### EXERCISE PROMPT
Apart from the pictures, return every line of the listing exactly.

### RECORD EXCERPTS
▼

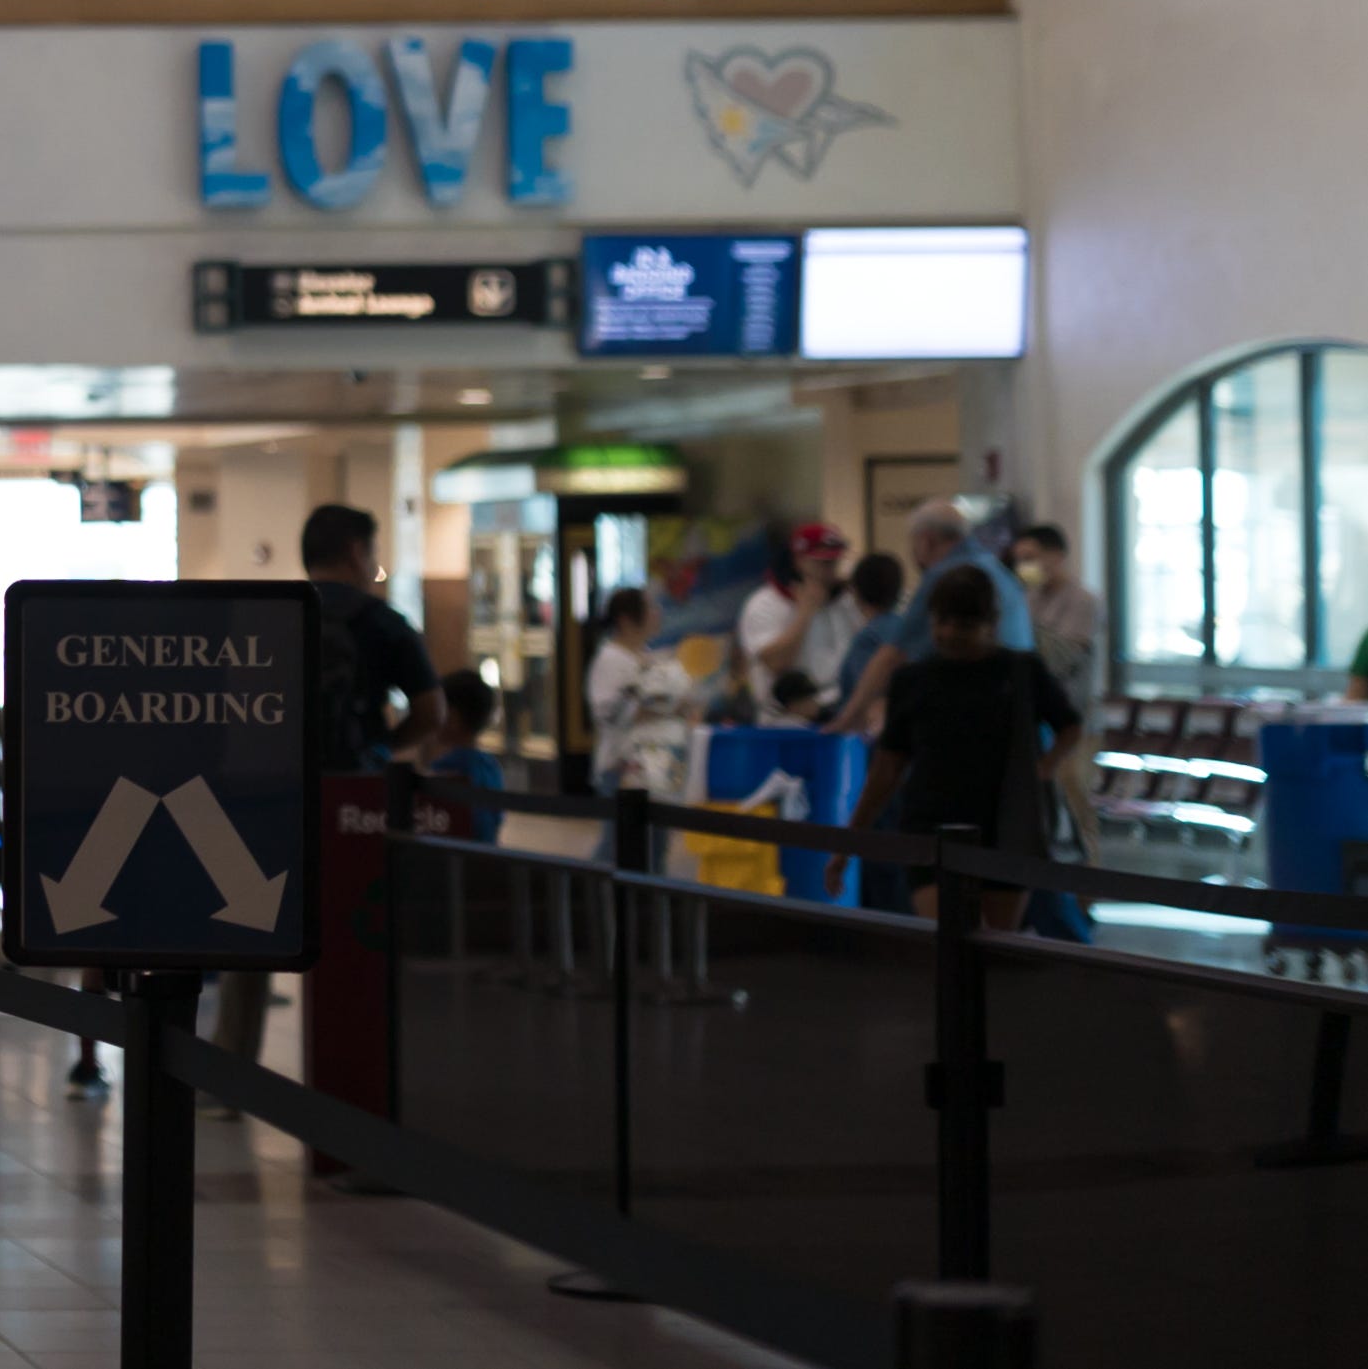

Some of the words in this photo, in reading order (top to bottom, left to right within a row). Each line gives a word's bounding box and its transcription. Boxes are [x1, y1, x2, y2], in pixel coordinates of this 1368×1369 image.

[197, 37, 575, 210] LOVE
[55, 634, 273, 669] GENERAL
[45, 690, 285, 726] BOARDING
[337, 801, 451, 836] Reccle

▲

### SOLUTION TO THIS TASK
Some of the words in this photo, in reading order (top to bottom, left to right within a row). Each line gives a word's bounding box and its transcription. Boxes are [x1, y1, x2, y2], in pixel coordinates of this 1368×1369 image.

[197, 37, 575, 210] LOVE
[55, 634, 273, 669] GENERAL
[45, 690, 285, 726] BOARDING
[337, 801, 451, 836] Reccle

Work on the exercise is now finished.